BEGIN
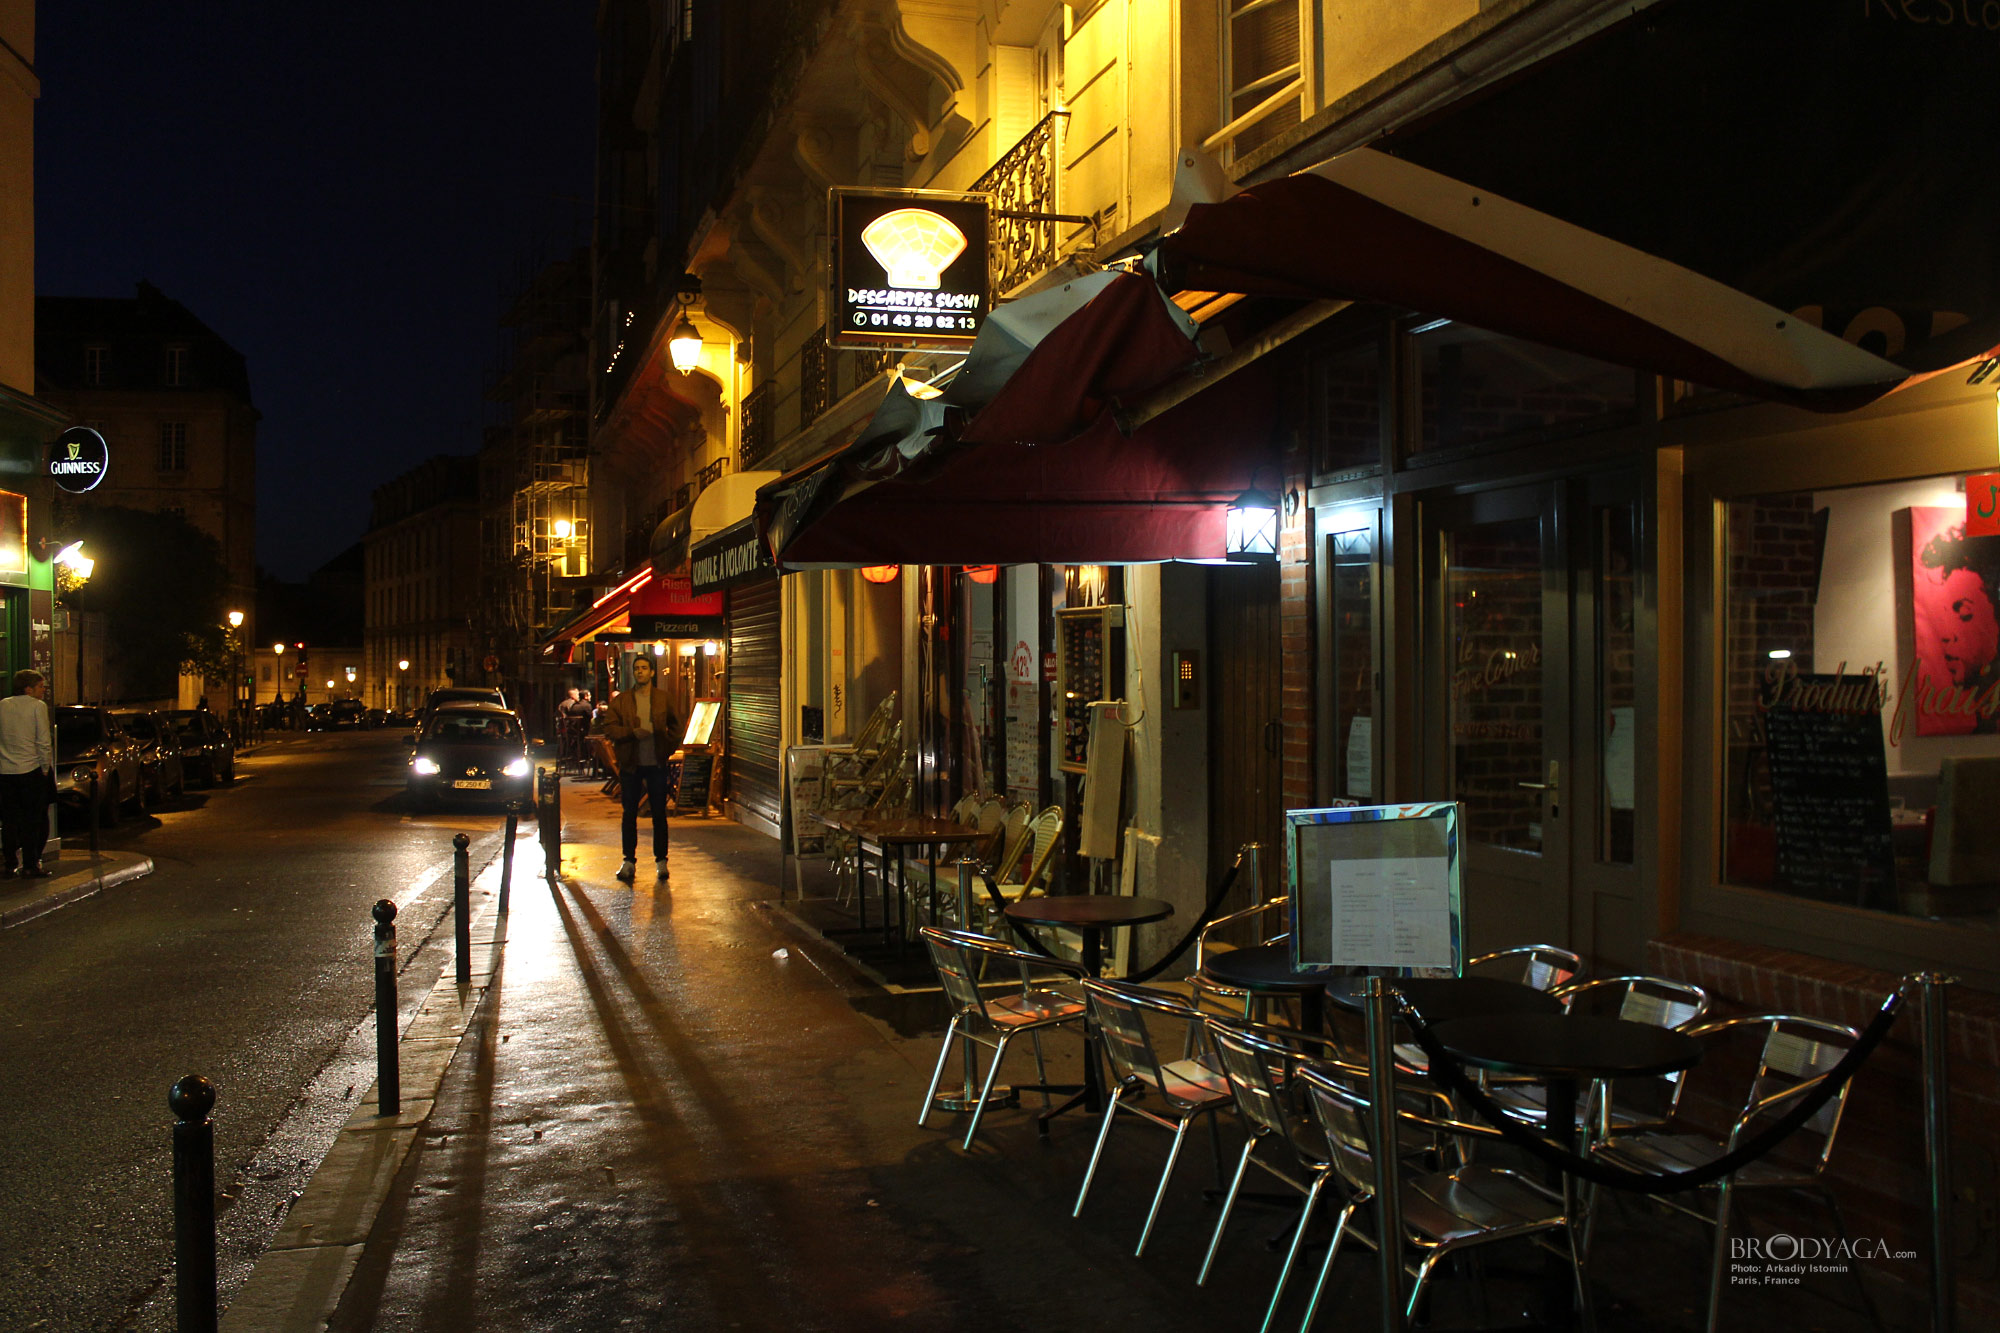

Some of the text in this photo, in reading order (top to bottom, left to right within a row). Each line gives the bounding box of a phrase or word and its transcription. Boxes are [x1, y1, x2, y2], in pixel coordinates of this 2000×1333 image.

[848, 289, 980, 309] DESCARTES SUSHI
[871, 313, 889, 326] 01
[893, 314, 912, 327] 43
[958, 317, 976, 329] 13
[50, 461, 101, 475] GUINNESS
[655, 622, 699, 633] Pizzeria
[1757, 659, 1891, 713] Produits
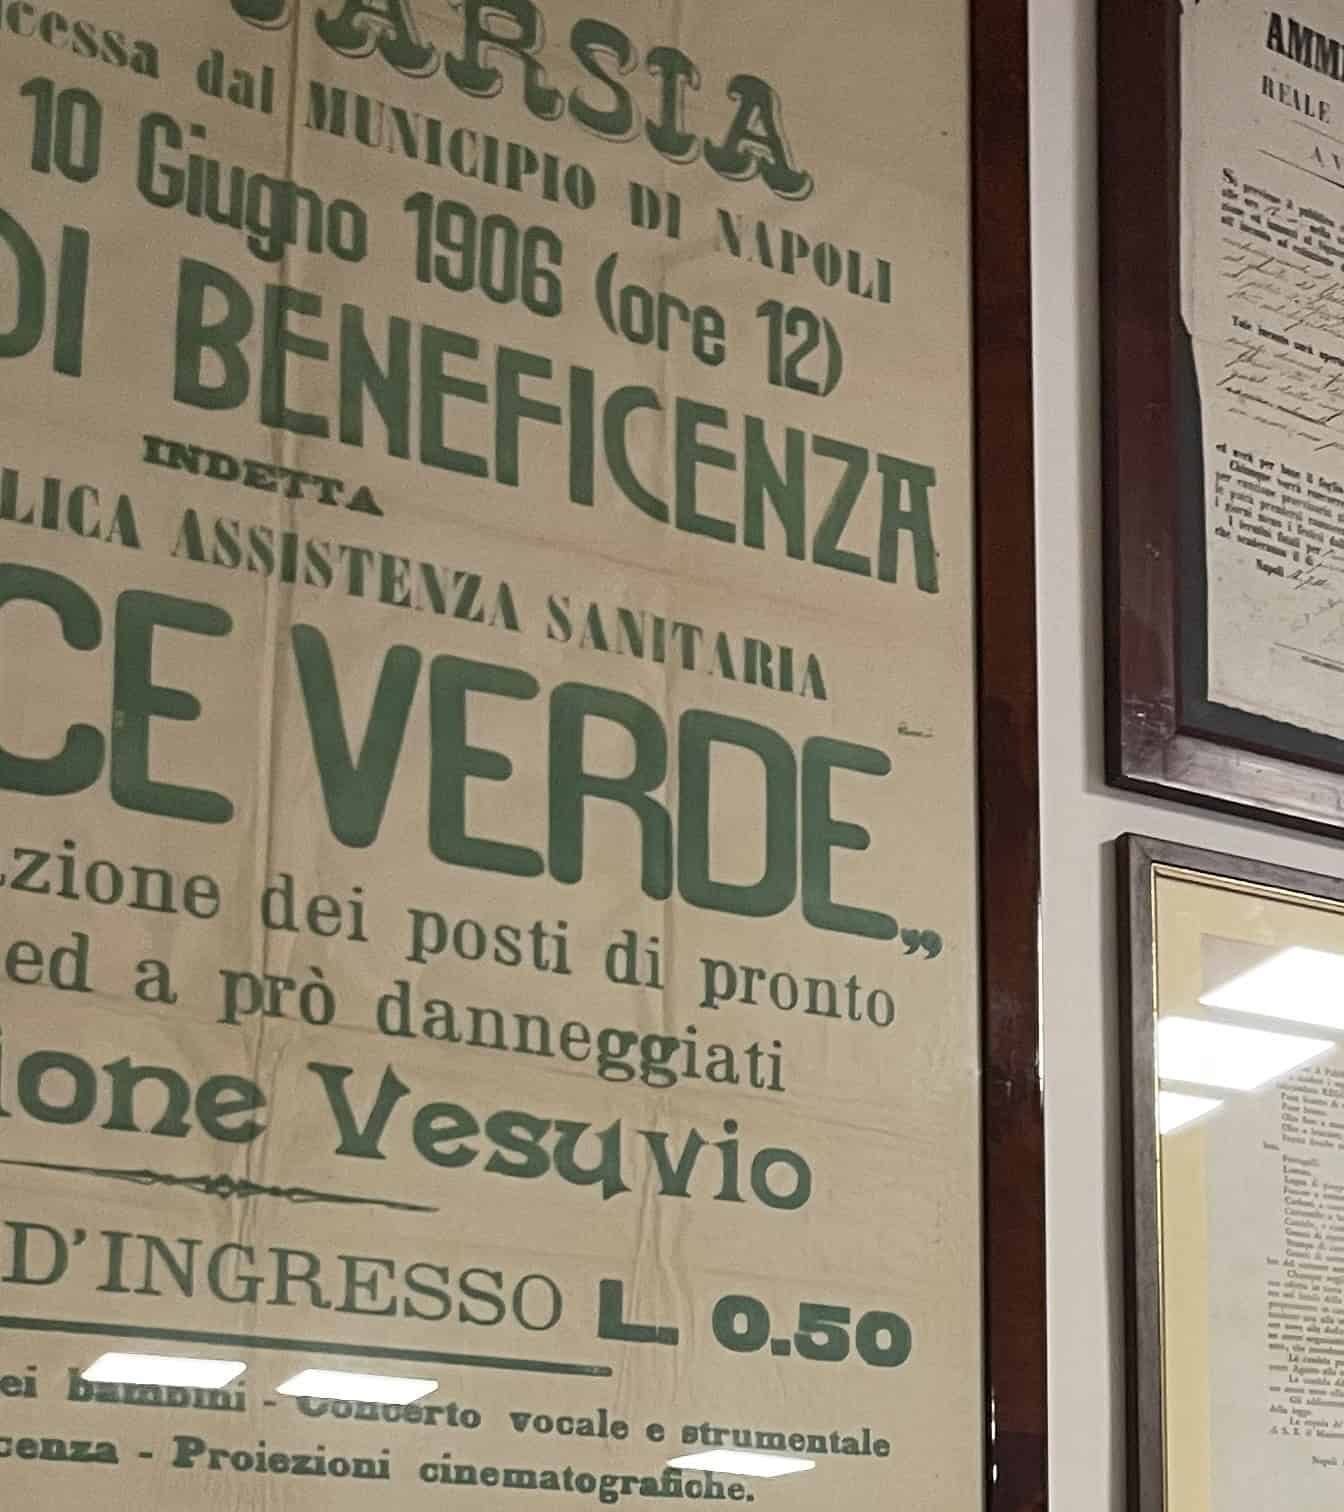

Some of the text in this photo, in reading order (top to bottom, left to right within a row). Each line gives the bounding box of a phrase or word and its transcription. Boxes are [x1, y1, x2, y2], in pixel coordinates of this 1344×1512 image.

[197, 49, 274, 115] dal
[305, 80, 596, 210] MUNICIPIO
[628, 181, 681, 240] DI
[717, 206, 893, 306] NAPOLI
[233, 0, 813, 200] ARSIA
[1262, 75, 1331, 124] REALE
[20, 77, 844, 398] 10 Giugno 1906 (ore 12)
[142, 435, 384, 518] INDETTA
[174, 255, 940, 595] BENEFICENZA
[0, 562, 235, 824] CE
[171, 506, 521, 632] ASSISTENZA
[547, 595, 828, 702] SANITARIA
[0, 838, 897, 1029] zione dei posti di pronto
[4, 929, 787, 1095] ed a prò danneggiati
[307, 1060, 813, 1212] Vesuvio
[2, 1220, 563, 1333] D'INGRESSO
[711, 1294, 913, 1370] 0.50
[173, 1435, 390, 1480] Proiezioni
[420, 1453, 754, 1504] cinematografiche.
[510, 1409, 629, 1440] vocale
[646, 1424, 665, 1442] e
[681, 1422, 890, 1457] strumentale
END
* _PROBLEM TO SOLVE_
What is needed is a verbatim copy of the entries, leaving out any pictures.

* _ANSWER TO THIS PROBLEM_
Some of the text in this photo, in reading order (top to bottom, left to right within a row). Each line gives the bounding box of a phrase or word and its transcription. Boxes are [x1, y1, x2, y2], in pixel coordinates of this 2000×1333 image.

[848, 289, 980, 309] DESCARTES SUSHI
[871, 313, 889, 326] 01
[893, 314, 912, 327] 43
[958, 317, 976, 329] 13
[50, 461, 101, 475] GUINNESS
[655, 622, 699, 633] Pizzeria
[1757, 659, 1891, 713] Produits

Some of the text in this photo, in reading order (top to bottom, left to right within a row). Each line gives the bounding box of a phrase or word and its transcription. Boxes are [x1, y1, x2, y2], in pixel coordinates of this 1344×1512 image.

[197, 49, 274, 115] dal
[305, 80, 596, 210] MUNICIPIO
[628, 181, 681, 240] DI
[717, 206, 893, 306] NAPOLI
[233, 0, 813, 200] ARSIA
[1262, 75, 1331, 124] REALE
[20, 77, 844, 398] 10 Giugno 1906 (ore 12)
[142, 435, 384, 518] INDETTA
[174, 255, 940, 595] BENEFICENZA
[0, 562, 235, 824] CE
[171, 506, 521, 632] ASSISTENZA
[547, 595, 828, 702] SANITARIA
[0, 838, 897, 1029] zione dei posti di pronto
[4, 929, 787, 1095] ed a prò danneggiati
[307, 1060, 813, 1212] Vesuvio
[2, 1220, 563, 1333] D'INGRESSO
[711, 1294, 913, 1370] 0.50
[173, 1435, 390, 1480] Proiezioni
[420, 1453, 754, 1504] cinematografiche.
[510, 1409, 629, 1440] vocale
[646, 1424, 665, 1442] e
[681, 1422, 890, 1457] strumentale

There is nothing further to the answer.